Your instructions: Word for word, repeat the entries, minus the pictures.

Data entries
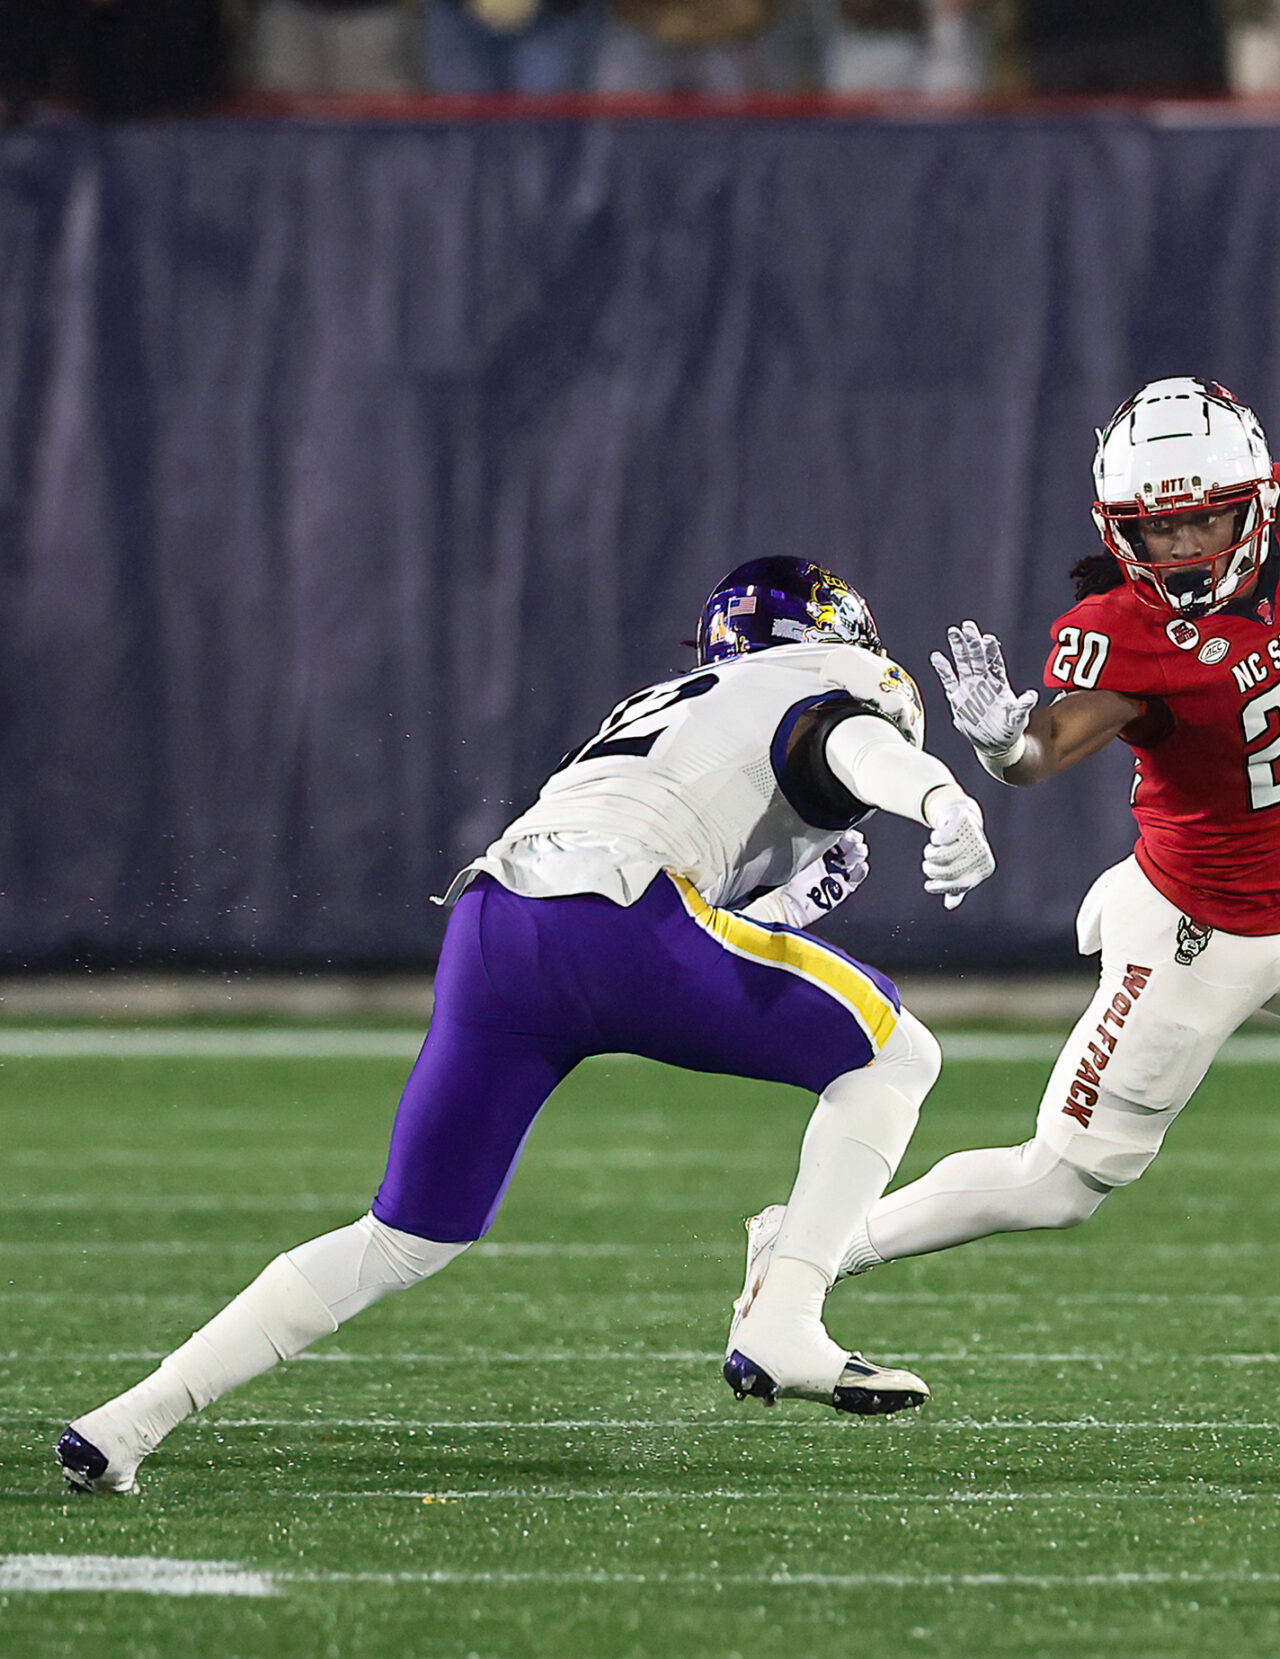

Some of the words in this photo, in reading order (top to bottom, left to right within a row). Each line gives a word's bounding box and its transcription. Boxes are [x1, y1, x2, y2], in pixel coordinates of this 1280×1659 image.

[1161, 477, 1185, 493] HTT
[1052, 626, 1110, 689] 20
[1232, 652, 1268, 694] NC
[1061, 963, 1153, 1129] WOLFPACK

Exercise solution:
Some of the words in this photo, in reading order (top to bottom, left to right within a row). Each line gives a word's bounding box and its transcription. Boxes are [x1, y1, x2, y2], in pixel coordinates of this 1280×1659 image.

[1161, 477, 1185, 493] HTT
[1052, 626, 1110, 689] 20
[1232, 652, 1268, 694] NC
[1061, 963, 1153, 1129] WOLFPACK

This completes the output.